By Reuters | Updated: 19 January 2023
Amazon will cut some jobs in the United States, Canada, and Costa Rica by the end of Wednesday as part of its plan to lay off 18,000 employees, the e-commerce giant said in a memo to staff seen by Reuters.
The layoffs are the latest in the U.S. technology sector, with companies cutting their bloated workforce and slashing costs to reverse pandemic-era excesses and prepare for a worsening global economy.
The company is terminating 2,300 employees in Seattle and Bellevue, according to an update on the Worker Adjustment and Retraining Notification (WARN) site. The U.S. labour law requires companies planning a mass layoff to inform employees 60 days before the closure.
Amazon Chief Executive Andy Jassy said earlier this month the cuts, about 6 percent of the company’s roughly 300,000 corporate employees, would mostly impact the e-commerce and human resources divisions.
According to a report earlier this month, tech companies shed more than 150,000 workers in 2022, contributing to a 649 percent surge in job cuts from 2021. Analysts say that Amazon’s mass layoffs indicate that the wave of job cuts sweeping through the tech sector could stretch into 2023.

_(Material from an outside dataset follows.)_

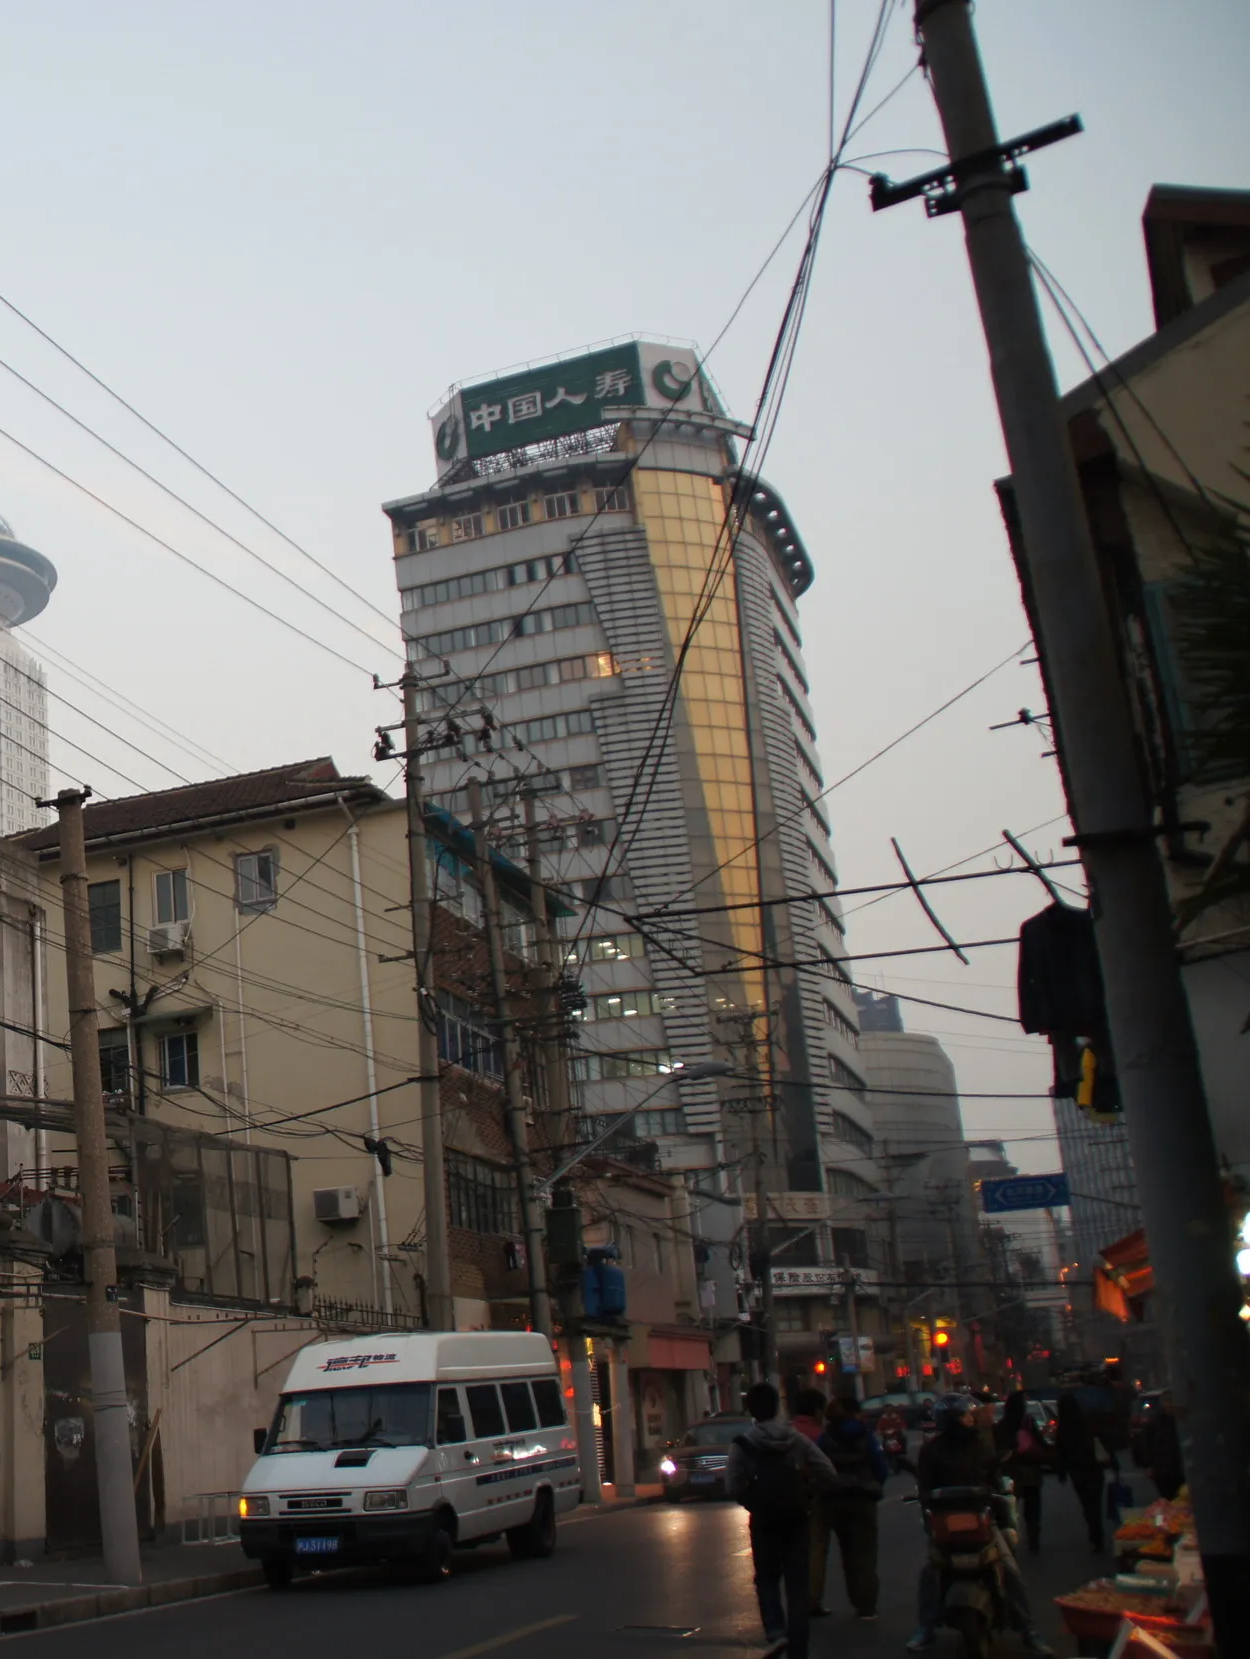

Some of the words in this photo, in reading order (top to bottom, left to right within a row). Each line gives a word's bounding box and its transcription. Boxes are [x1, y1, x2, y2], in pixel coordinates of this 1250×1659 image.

[470, 369, 632, 433] 中国人寿
[323, 1353, 397, 1372] 德邦物流

Microsoft said earlier on Wednesday it would cut about 10,000 jobs and take a $1.2-billion (roughly Rs. 9800 crore) charge. In a memo sent to staff and published online, CEO Satya Nadella outlined the economic conditions that are forcing “hard choices” such as this, but stated that Microsoft will continue to invest in “strategic areas” for its future. Employees affected by the retrenchment drive will be notified immediately, however, the process is expected to be complete only by the third quarter 2023.